Activity: What is needed is an exact copy of the entries below, with the pictures left out.

(Source data)

☆ ☆ ☆ ☆ ☆ ☆ ☆

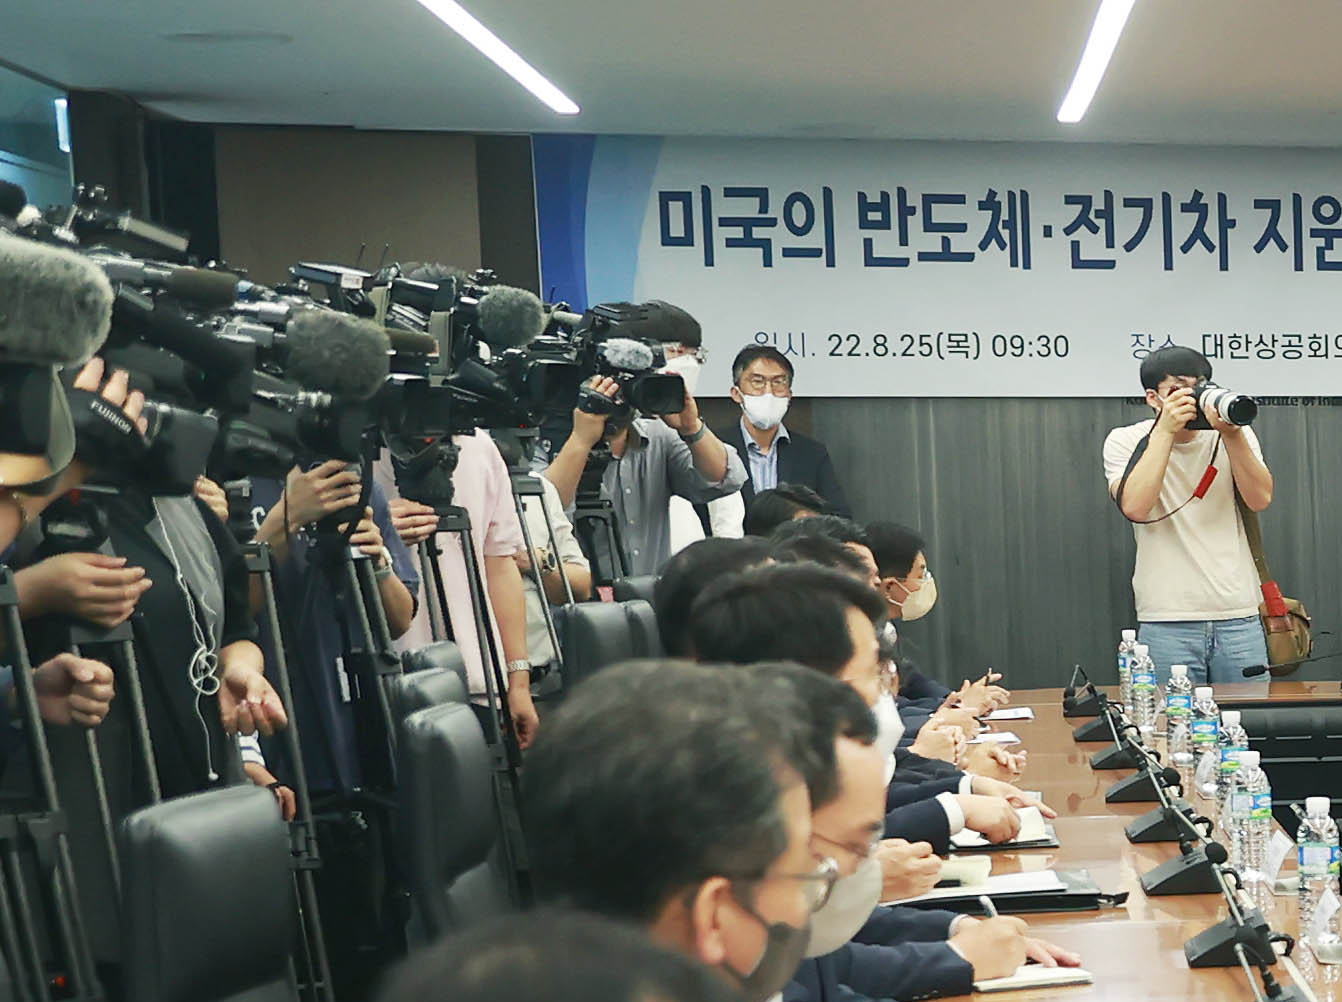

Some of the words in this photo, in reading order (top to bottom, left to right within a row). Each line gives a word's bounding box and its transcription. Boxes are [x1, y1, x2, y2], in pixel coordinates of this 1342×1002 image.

[658, 185, 837, 268] 미국의
[857, 187, 1236, 272] 반도체·전기차
[827, 331, 980, 361] 22.8.25(목)
[991, 334, 1069, 358] 09:30
[91, 400, 132, 433] FUJINON

☆ ☆ ☆ ☆ ☆ ☆ ☆

Result for this task:
Some of the words in this photo, in reading order (top to bottom, left to right within a row). Each line gives a word's bounding box and its transcription. Boxes are [x1, y1, x2, y2], in pixel coordinates of this 1342×1002 image.

[658, 185, 837, 268] 미국의
[857, 187, 1236, 272] 반도체·전기차
[827, 331, 980, 361] 22.8.25(목)
[991, 334, 1069, 358] 09:30
[91, 400, 132, 433] FUJINON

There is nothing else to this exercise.